People are surprisingly feisty about their favorite sleeping positions; I'm a back-sleeper myself and I think it's definitely the most comfortable; I have never been able to sleep on my stomach for more than a few minutes, but my partner loves it. And since back-sleepers are known for snoring, I'm probably happier with him on his stomach too.
It turns out that no matter what your personal opinion (or how strongly you hold it!) all sleeping positions have pros and cons. Since getting enough sleep is a problem for so many people, I'd say sleeping whichever way is most comfortable to you is likely what matters most, but if you are having trouble, or waking up in pain on a regular basis, you might want to look at changing the position you fall asleep in. For certain positions, you might even want or need an extra pillow specially designed for it (see ideas below).
Pros: This position is the best for reducing or minimizing face, neck and decolletage wrinkles, since there's no pressure on that skin as you sleep. It's also great for minimizing acid reflux, if you struggle with that issue (be sure to incline the body with the head higher than the stomach to have the most positive effect).

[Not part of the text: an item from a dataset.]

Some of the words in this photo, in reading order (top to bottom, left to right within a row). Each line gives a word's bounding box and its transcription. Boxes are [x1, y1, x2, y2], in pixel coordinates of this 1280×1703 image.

As long as your neck is supported and in alignment with the rest of your spine, back sleeping is also considered the best for spine health.

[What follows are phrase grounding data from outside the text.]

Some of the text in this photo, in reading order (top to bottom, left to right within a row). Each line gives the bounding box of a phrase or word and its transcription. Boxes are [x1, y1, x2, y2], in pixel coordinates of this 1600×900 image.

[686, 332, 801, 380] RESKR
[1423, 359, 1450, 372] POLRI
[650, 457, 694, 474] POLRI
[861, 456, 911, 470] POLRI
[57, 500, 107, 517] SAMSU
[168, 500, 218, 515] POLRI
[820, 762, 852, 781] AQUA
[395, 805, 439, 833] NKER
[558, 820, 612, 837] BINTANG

Cons: The worst thing about sleeping on your back is the aforementioned snoring issue, which is even worse for those with sleep apnea or colds.
Tips: For some people, sleeping on their backs can aggravate lower-back issues. Besides doing some stretches like this before bed, you might also consider using a pillow under your knees (there are some designed especially for this use, or you can jury-rig your own).

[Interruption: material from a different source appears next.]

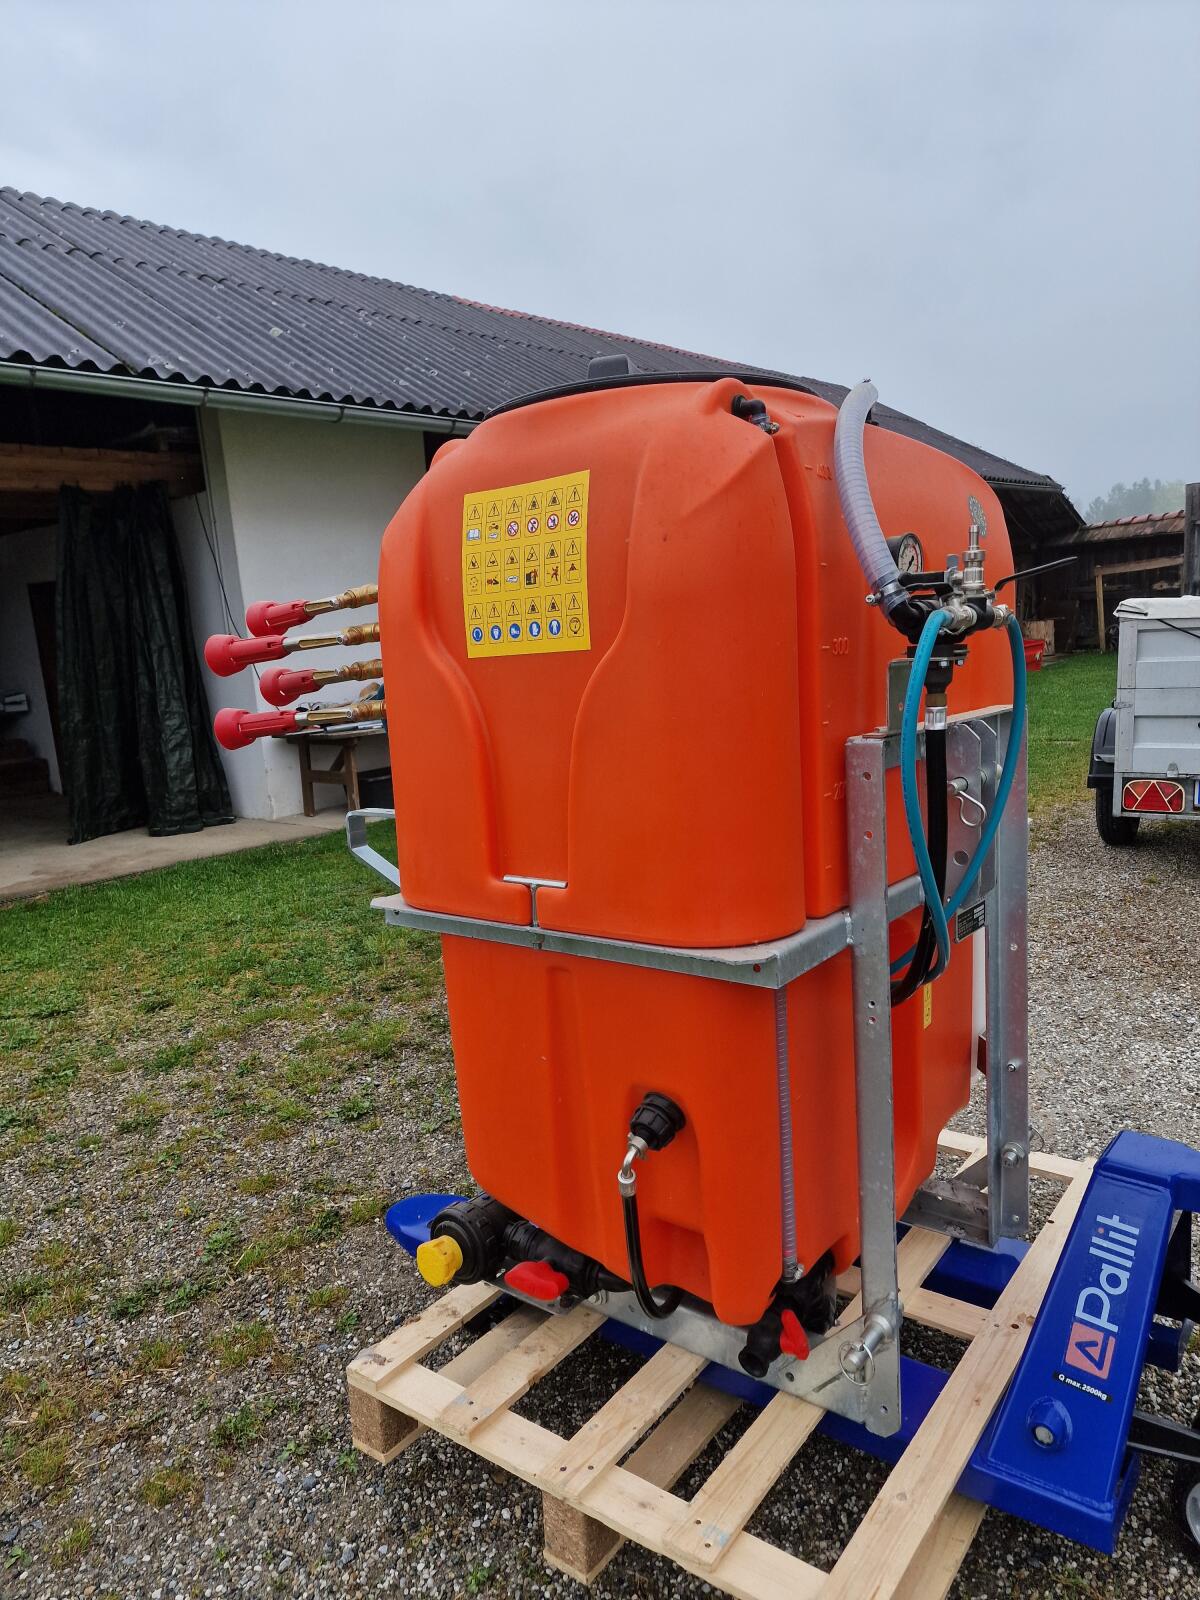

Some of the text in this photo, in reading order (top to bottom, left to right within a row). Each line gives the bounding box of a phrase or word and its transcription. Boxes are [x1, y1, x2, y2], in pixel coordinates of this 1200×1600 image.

[832, 637, 848, 655] 300
[1074, 1214, 1140, 1333] Pallit
[1058, 1373, 1065, 1382] Q

Pros: Reduced or eliminated snoring, and it's good for blood circulation, so if you have an issue with that, side-sleeping could help. Pregnant women, especially, find it the most comfortable position.
Cons: Side-sleeping will cause fine lines on the side of the face you most often sleep, as well as on the neck and chest. It can also cause shoulder or hip pain in some people.
Tips: To keep the back aligned, and reduce torquing, a pillow like this one can help. When side-sleeping, you should always aim to have the neck in the same plane as the rest of your spine — it's easy to wake up with neck pain from sleeping on your side, specifically when your head is tipped up (forehead higher than the chin), so try to keep this from happening with a pillow of the correct thickness. "You need to fill the space above your shoulder so your head and neck are supported in a neutral position," Ken Shannon, a physical therapist at Brigham and Women's Hospital in Boston told CNN.
To reduce the effects of sleeping on your side on wrinkles, consider a silk pillowcase, which is less drying, pulls at skin less — and musses hair less — than cotton ones.
Pros: Less snoring, as it keeps airways more open; can be fine for those without back issues.
Cons: This position is the worst for wrinkles (as anyone who has woken up with their pillow's wrinkles imprinted on their face can attest). It can also put stress on the lower back, so those with back problems should avoid it. "Stomach-sleeping makes it difficult to maintain a neutral position with your spine," Shannon explained to CNN.
Tips: Placing a thinner pillow under the hips can help keep the back on the same plane as the spine and be less stressful on the spine. Or, try sleeping on your stomach without a pillow at all.